** Opening Task material block **

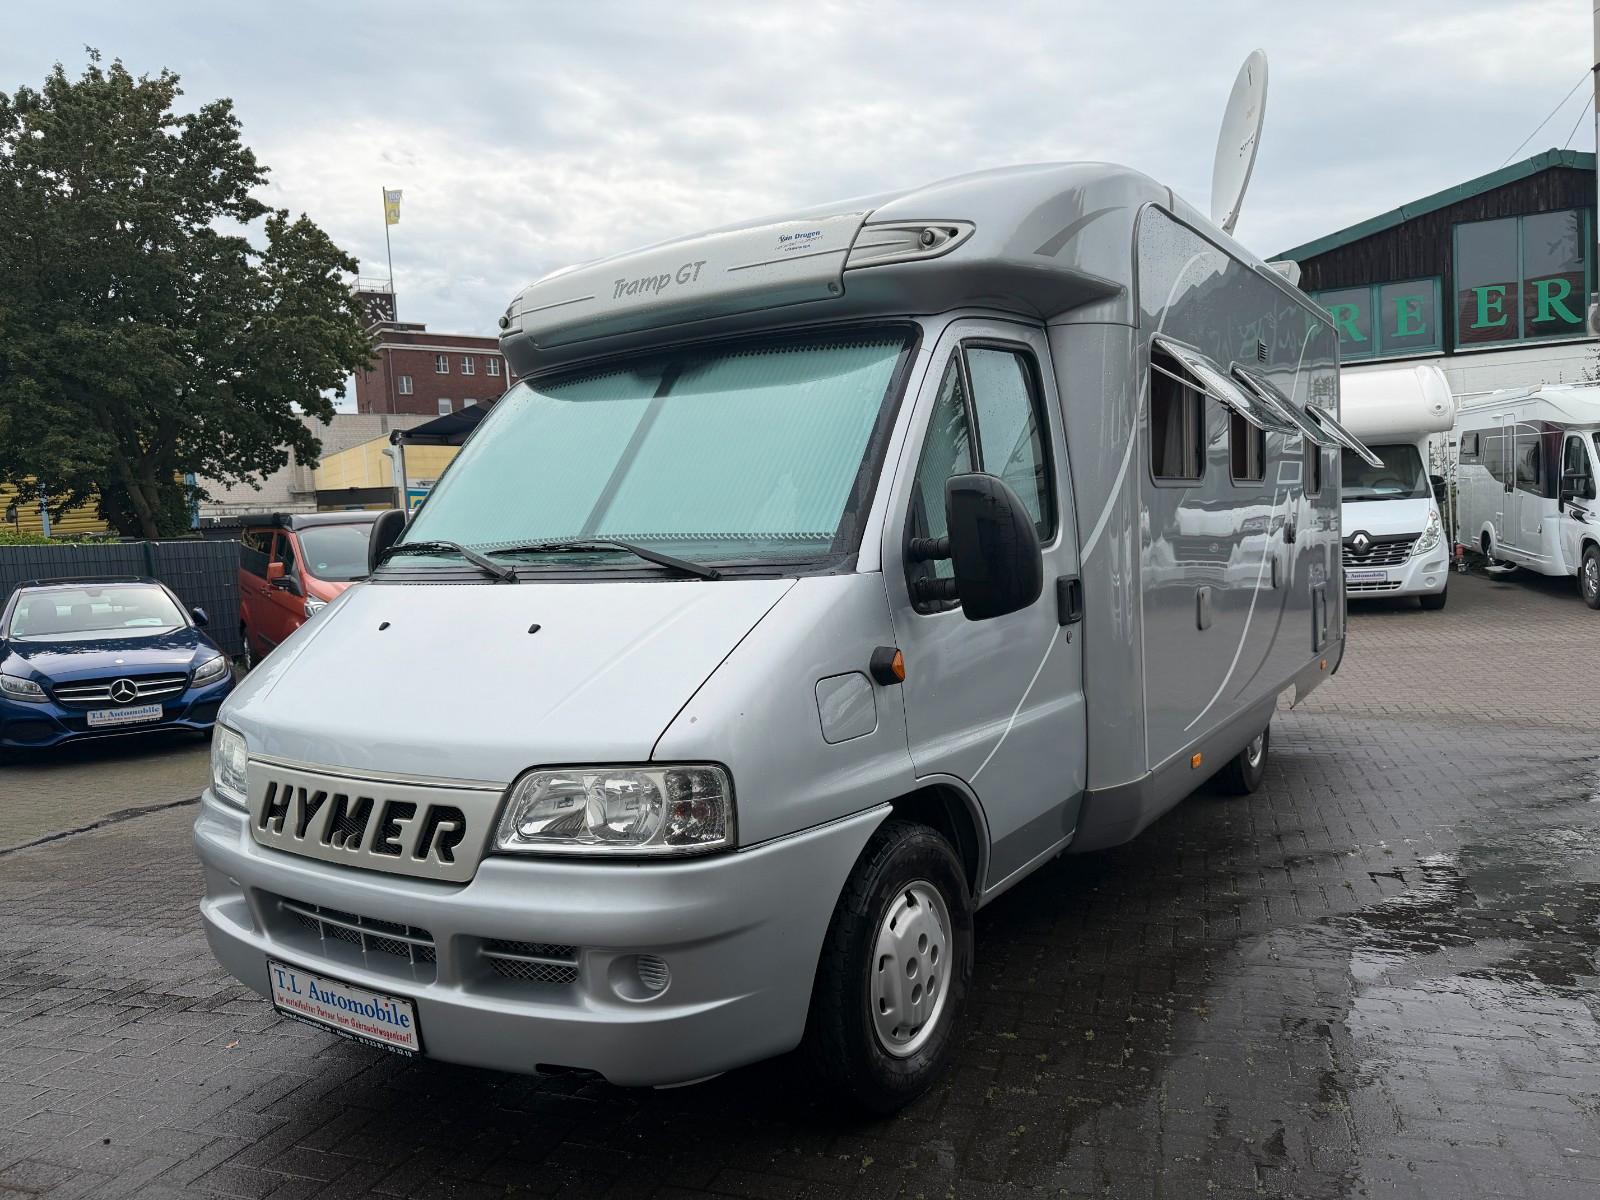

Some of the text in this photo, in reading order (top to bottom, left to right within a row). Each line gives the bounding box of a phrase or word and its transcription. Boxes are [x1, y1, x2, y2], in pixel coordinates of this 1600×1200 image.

[613, 260, 707, 299] Tramp GT
[108, 705, 160, 718] Automobile
[257, 782, 467, 864] HYMER
[308, 980, 410, 1028] Automobile

** Closing Task material block **

§ Prompt:
With images left out, the data must be transcribed exactly.

§ Response:
Some of the text in this photo, in reading order (top to bottom, left to right within a row). Each line gives the bounding box of a phrase or word and its transcription. Boxes are [x1, y1, x2, y2], in pixel coordinates of this 1600×1200 image.

[613, 260, 707, 299] Tramp GT
[108, 705, 160, 718] Automobile
[257, 782, 467, 864] HYMER
[308, 980, 410, 1028] Automobile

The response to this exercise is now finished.